The economy is rebounding, companies have stopped cutting budgets, and the race is on to develop new product technologies quickly. We all know that getting to market first provides a significant competitive advantage. While optimism abounds, however, few engineering R&D programs are boasting of increased budgets for 2004. A new marketing research study among corporate R&D managers shows that 52% of the respondents expect R&D spending to increase slightly in 2004, and 33% expect spending to increase significantly in five years. Most respondents also predict that their total number of R&D projects will double in the next five years.
The anonymous survey, conducted by NineSigma Inc. last December, was distributed to 5000 corporate R&D managers at small to large corporations. Frequently, the most senior executive responsible for R&D activities at the organization filled out the survey.
Two significant trends that emerged in this study identified externally sourced innovation as a major factor in future R&D programs.

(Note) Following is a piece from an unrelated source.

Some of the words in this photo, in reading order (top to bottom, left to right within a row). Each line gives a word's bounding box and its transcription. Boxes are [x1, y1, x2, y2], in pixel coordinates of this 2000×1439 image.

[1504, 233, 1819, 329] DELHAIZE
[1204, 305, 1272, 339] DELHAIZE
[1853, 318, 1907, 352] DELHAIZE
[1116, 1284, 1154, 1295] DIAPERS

After years of cutting costs, 45% of corporate R&D managers now see their most important strategic objective as "increasing the rate of new product innovations," while 27% see "accelerating time-to-market" as their most important objective. How do they plan to accomplish these critical goals? Answers showed that 30% project more than half of their new product technologies to come from outside their company by 2008. This represents a clear shift in direction for companies of all sizes.

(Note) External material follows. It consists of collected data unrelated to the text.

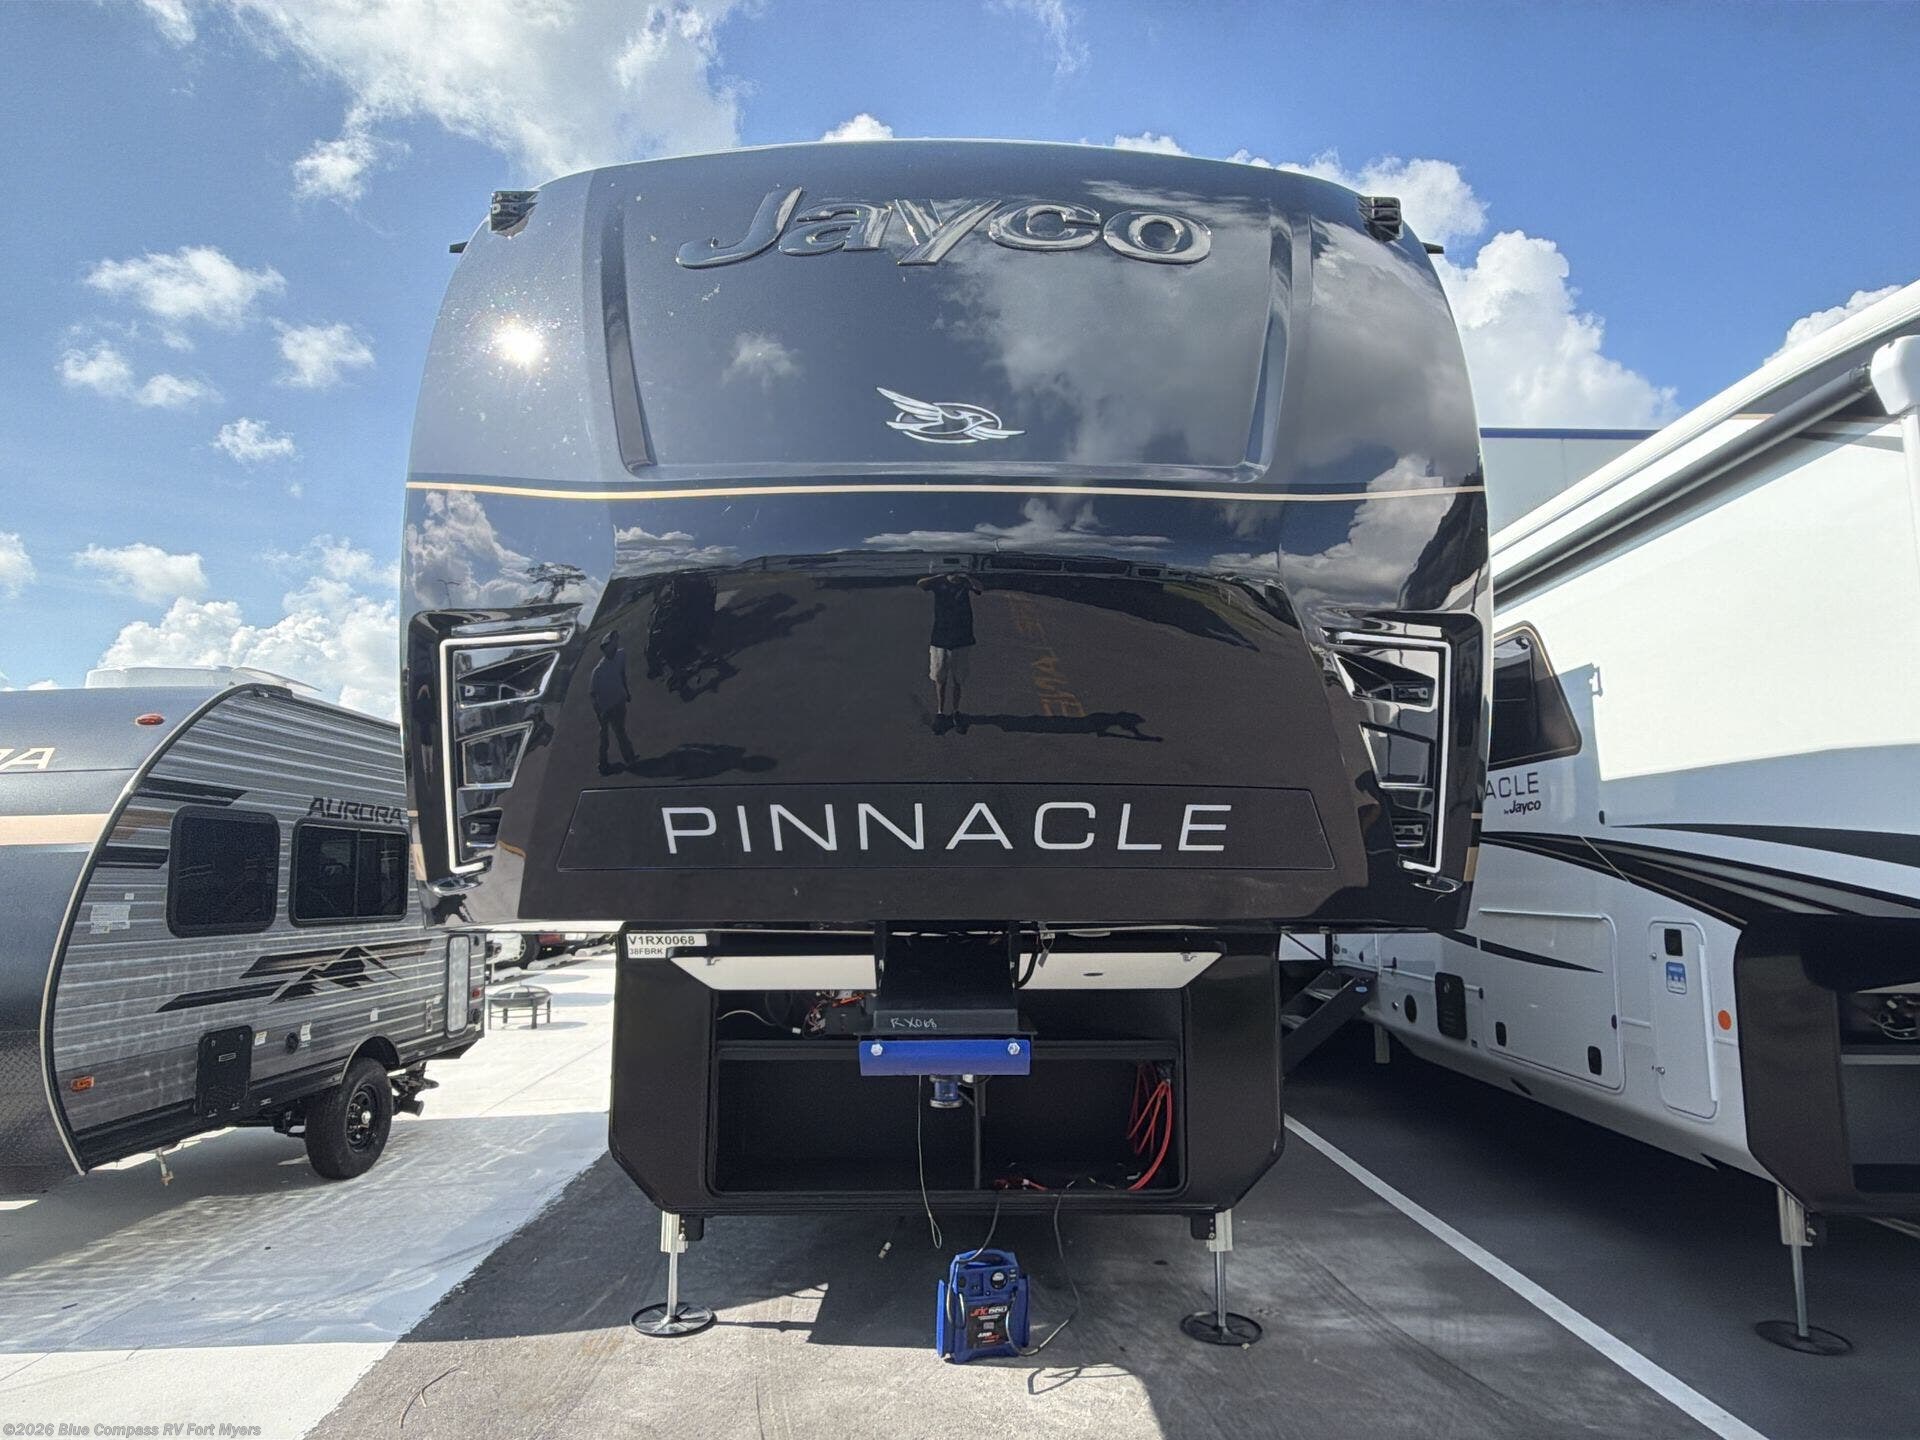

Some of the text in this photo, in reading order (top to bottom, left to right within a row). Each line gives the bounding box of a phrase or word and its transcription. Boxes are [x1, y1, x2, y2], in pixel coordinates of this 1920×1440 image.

[676, 186, 1213, 268] Jayco
[306, 797, 404, 825] AURORA
[1509, 800, 1542, 815] Jayco
[661, 801, 1232, 854] PINNACLE
[628, 935, 696, 946] V1RX0068
[629, 947, 664, 956] 38FBRK

The pool of intelligence is rapidly decentralizing around the globe, with the universe of knowledge expanding at an explosive rate. Small private and public corporations, as well as not-for-profit research labs, are contributing innovative thinking to traditional technical challenges. However, only 35% of R&D managers surveyed responded that they look primarily outward for innovation. Of the respondents, 57% claimed that they have a process to monitor and evaluate technologies from outside their own industry while 59% stated that they have an effective method of bringing new ideas in from the outside.
It is critical that companies establish appropriate mechanisms for monitoring and sourcing innovation. Those methods should be able to tap future, unpublished work around the globe and not be limited by geography or industry barriers.

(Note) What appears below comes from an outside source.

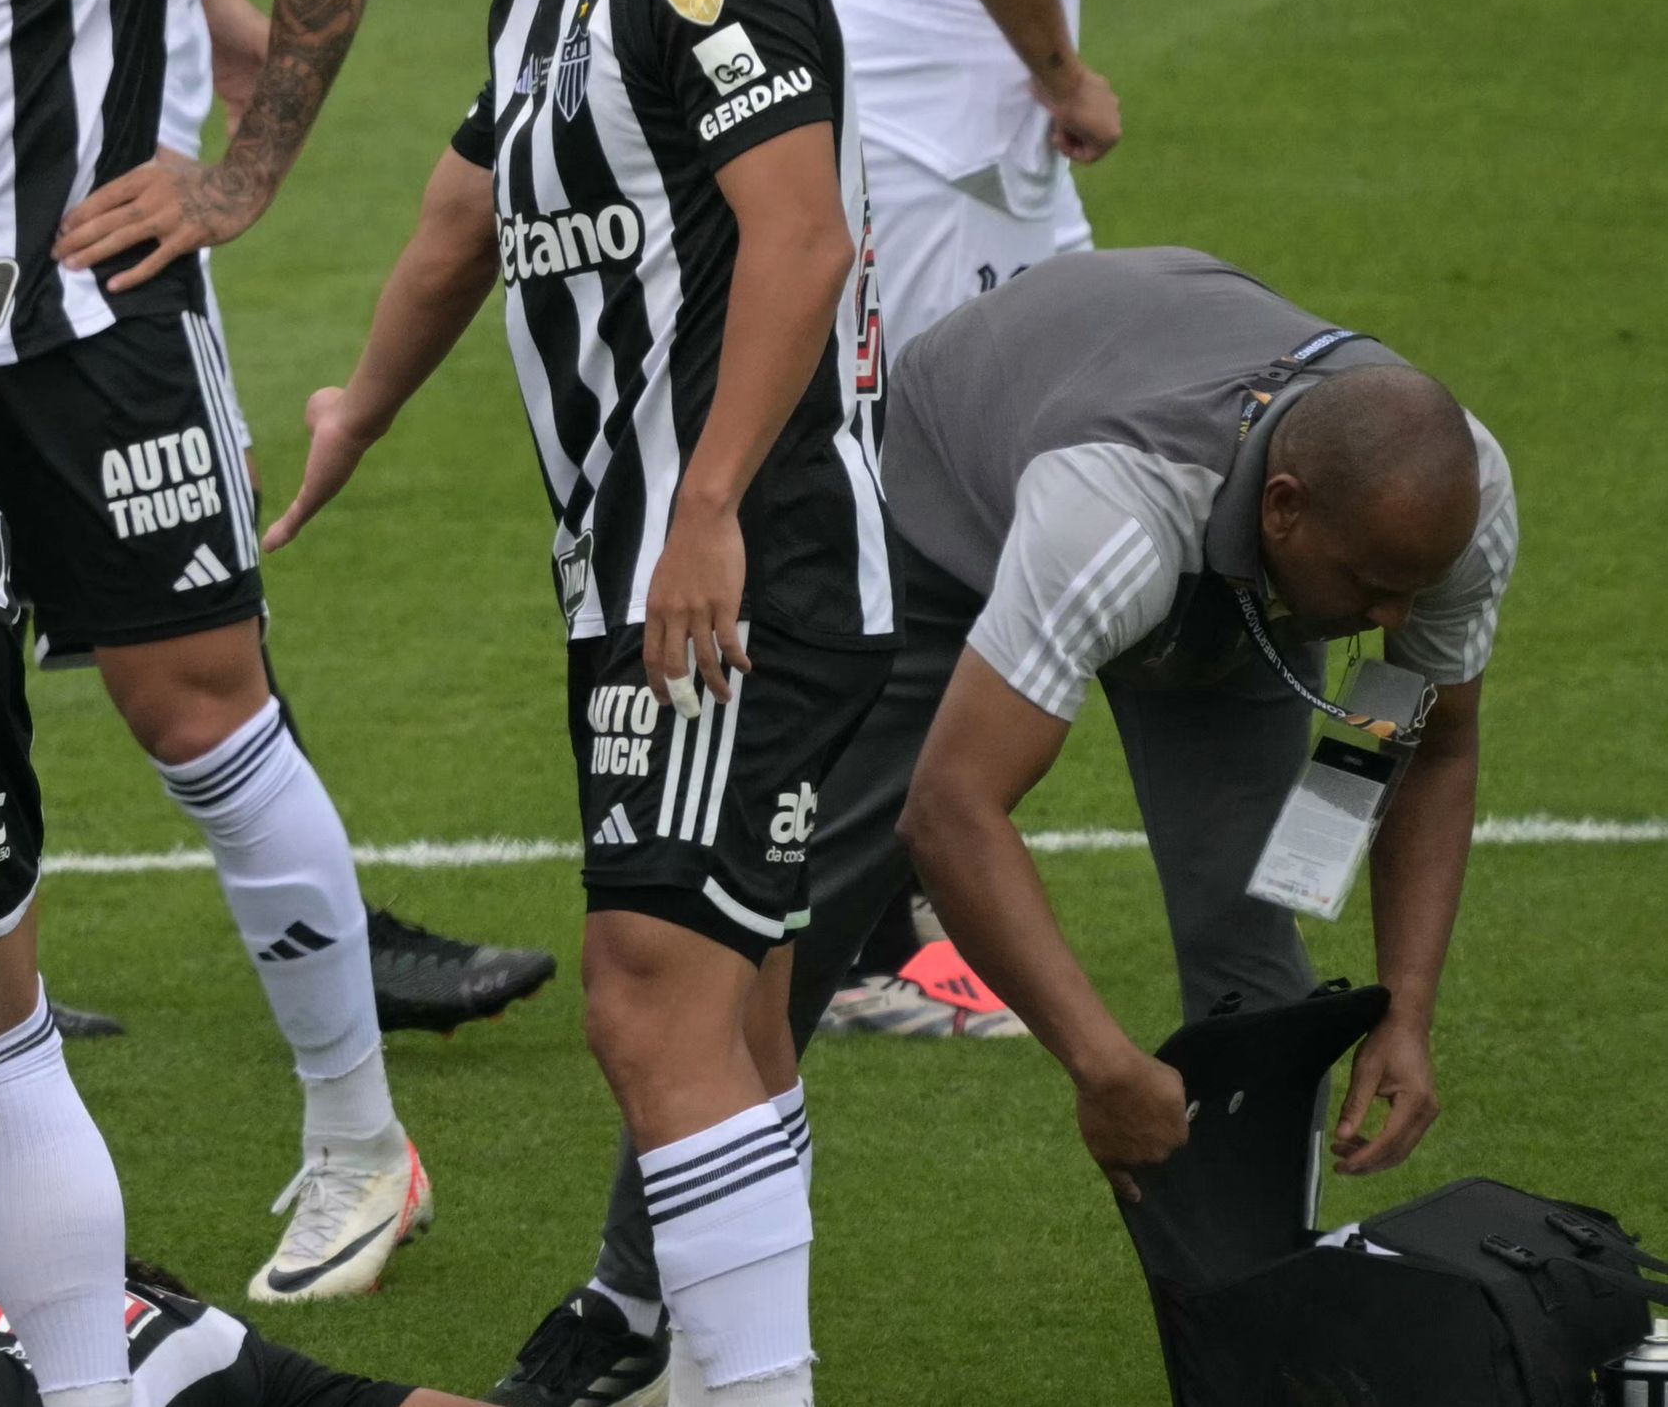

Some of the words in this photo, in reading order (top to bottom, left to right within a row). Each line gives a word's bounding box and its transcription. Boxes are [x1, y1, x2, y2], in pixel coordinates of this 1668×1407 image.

Open innovation, the process for using external as well as internal ideas to advance technology, has many benefits for the technology seeker as well as the solution provider. For the seeker, it provides access to more ideas than could be developed in-house. It gives the provider access to a valuable marketplace in a fraction of the time it would take to develop on one's own.
Open innovation brings non-obvious connections that fuel growth. More and more companies are relaxing their hold on internal development, directing their engineers to focus on their core areas of innovation and sourcing technologies that can be integrated from the outside. In manufacturing, this occurs every day through contract manufacturing agreements. Technologies being sourced through open innovation are now coming from companies and universities outside of the traditional supply base. This enables access to a broader array of creative ideas to support new product development.
Despite the many benefits of employing open innovation strategies, developing a successful program can pose a challenge. Top-down support is essential to launching and sustaining an open innovation program and integrating it with a company's culture and goals. Many companies also are turning to outside "innovation agents" to help them build global networks of science and technology providers.
"Open innovation" will become the buzzword of 2004 and 2005, just as "supply chain management" became the mantra of the 90s. The companies that will thrive in this rebounding economy will have embraced open innovation as a way to supplement internal R&D with a wider range of options for solving technical challenges and for developing breakthrough technologies.